Yémen : pourquoi Donald Trump aura du mal à affaiblir les Houthis
Les États-Unis ont lancé des frappes aériennes sur plusieurs cibles à travers le Yémen dans la nuit de mardi 18 à mercredi 19 mars, ont rapporté mercredi les médias houthis. Ils ont notamment visé la ville portuaire de Hodeïdah et la province de Saada, bastion majeur des Houthis.
Après avoir combattu pendant des années dans les montagnes arides du Yémen et survécu à des milliers de frappes aériennes, et malgré les frappes meurtrières annoncées samedi par le président Donald Trump, ces rebelles aguerris et soutenus par l'Iran continuent d'afficher une position de défi.
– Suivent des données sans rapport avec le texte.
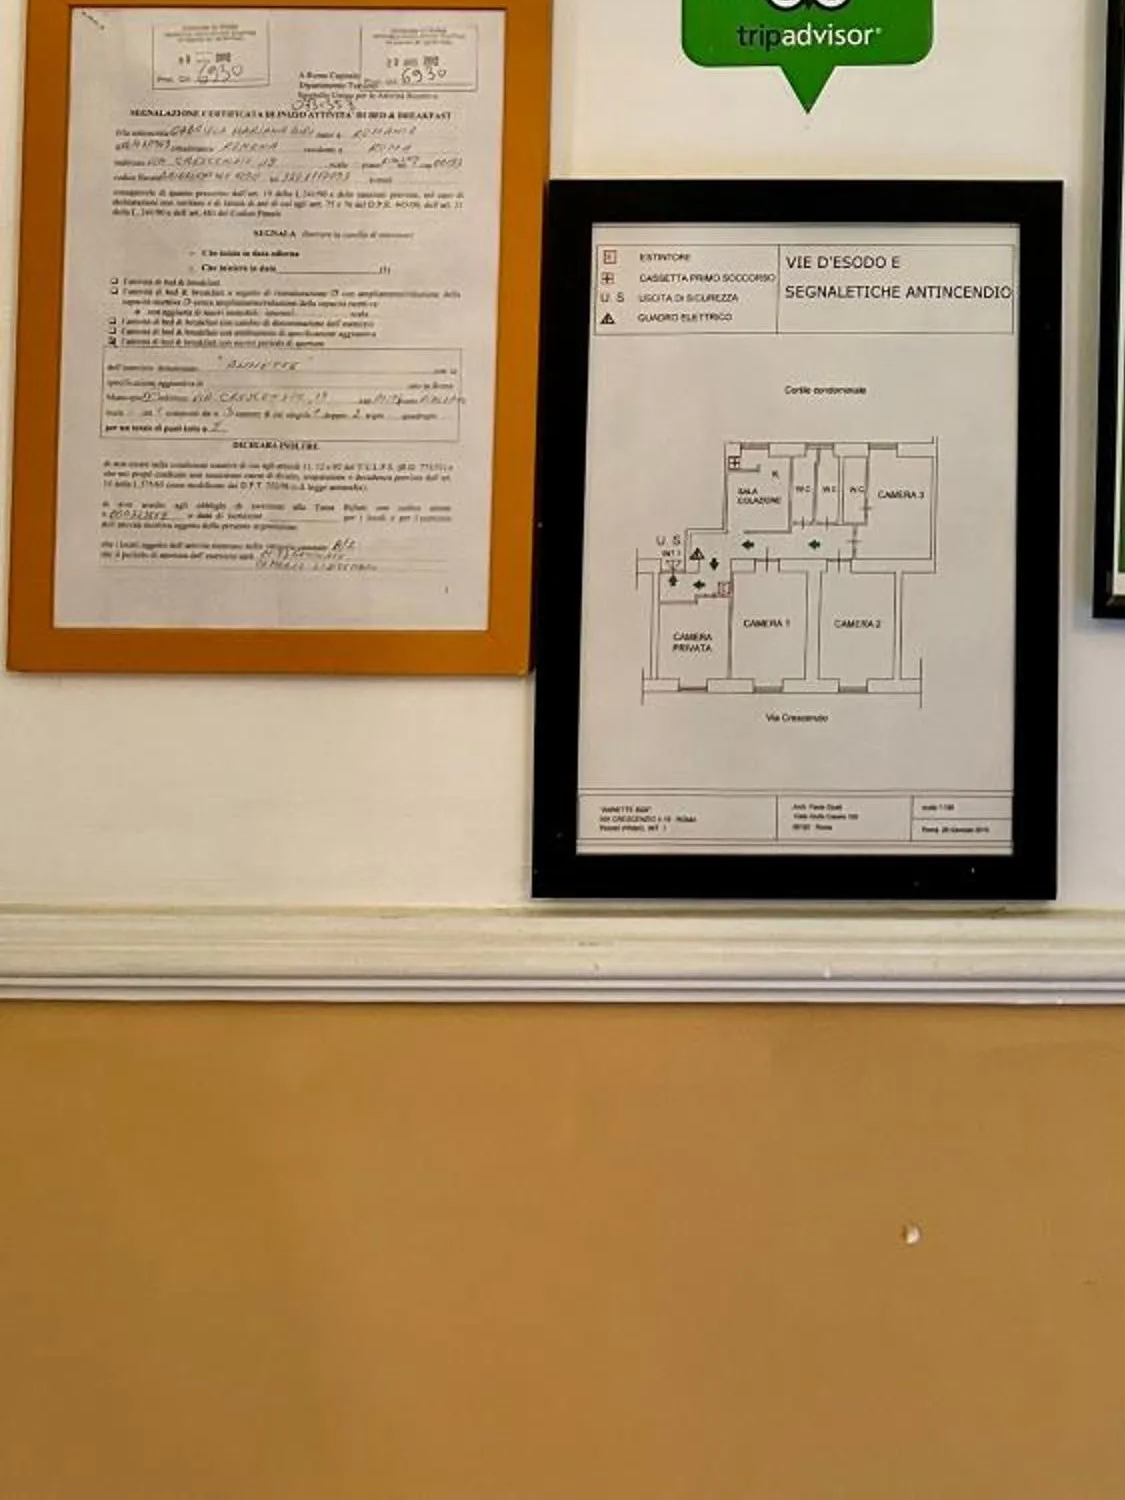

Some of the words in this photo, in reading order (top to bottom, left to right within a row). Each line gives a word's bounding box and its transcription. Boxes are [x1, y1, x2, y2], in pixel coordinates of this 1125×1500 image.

[737, 23, 873, 51] tripadvisor
[640, 253, 690, 261] ESTINTORE
[786, 256, 811, 269] VIE
[818, 256, 887, 269] D'ESODO
[892, 257, 900, 269] E
[640, 274, 689, 282] CASSETTA
[690, 274, 720, 282] PRIMO
[722, 273, 776, 282] SOCCORSO
[785, 286, 900, 299] SEGNALETICHE
[906, 286, 1012, 299] ANTINCENDIO
[639, 294, 673, 302] USCITA
[638, 314, 678, 322] QUADRO
[877, 491, 914, 499] CAMERA
[743, 619, 782, 628] CAMERA
[834, 619, 872, 628] CAMERA
[673, 633, 712, 642] CAMERA
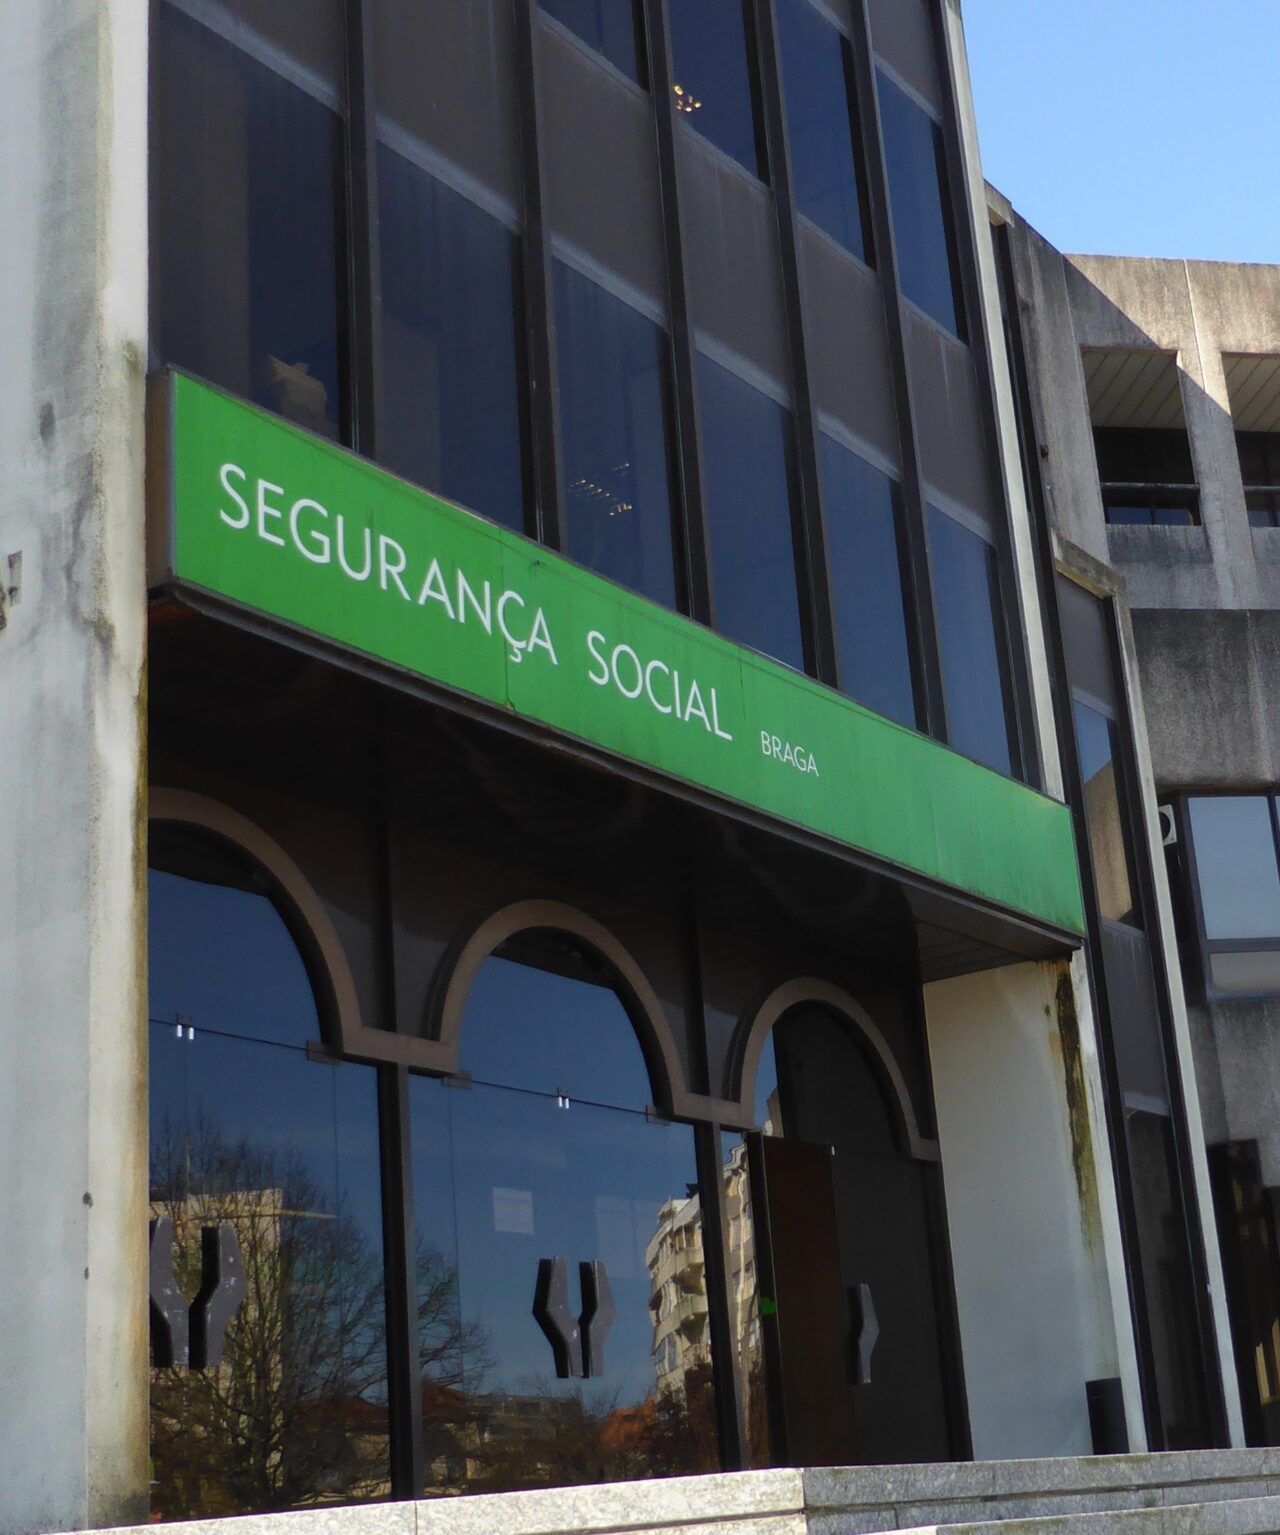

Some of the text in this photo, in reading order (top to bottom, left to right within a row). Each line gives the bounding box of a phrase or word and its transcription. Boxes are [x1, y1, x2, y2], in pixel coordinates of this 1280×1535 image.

[219, 462, 820, 778] SEGURANÇA SOCIAL BRAGA
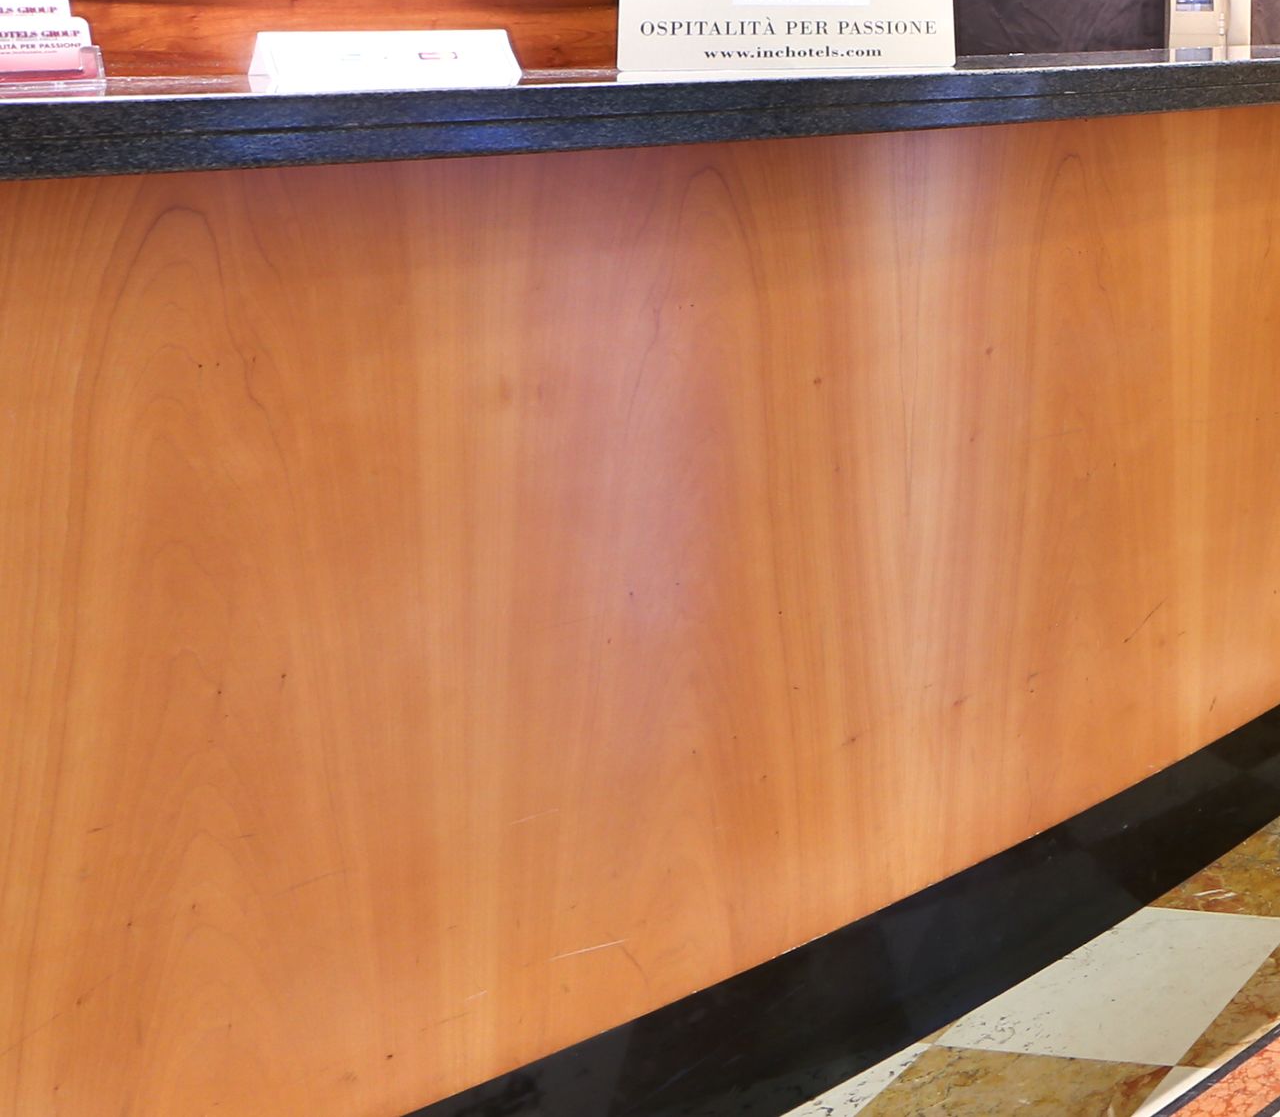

"La capacité des Houthis à résister tient au fait que leurs armes sont dispersées à travers les terrains montagneux du Yémen, compliquant les efforts de ciblage", écrit Alex Plitsas sur le site du groupe de réflexion Atlantic Council.
Venus du nord du Yémen, les Houthis se sont emparés de vastes pans de territoire et sont devenus une organisation armée puissante grâce à un soutien étranger, notamment de l'Iran et du Hezbollah libanais, selon un rapport de l'ONU publié fin 2024.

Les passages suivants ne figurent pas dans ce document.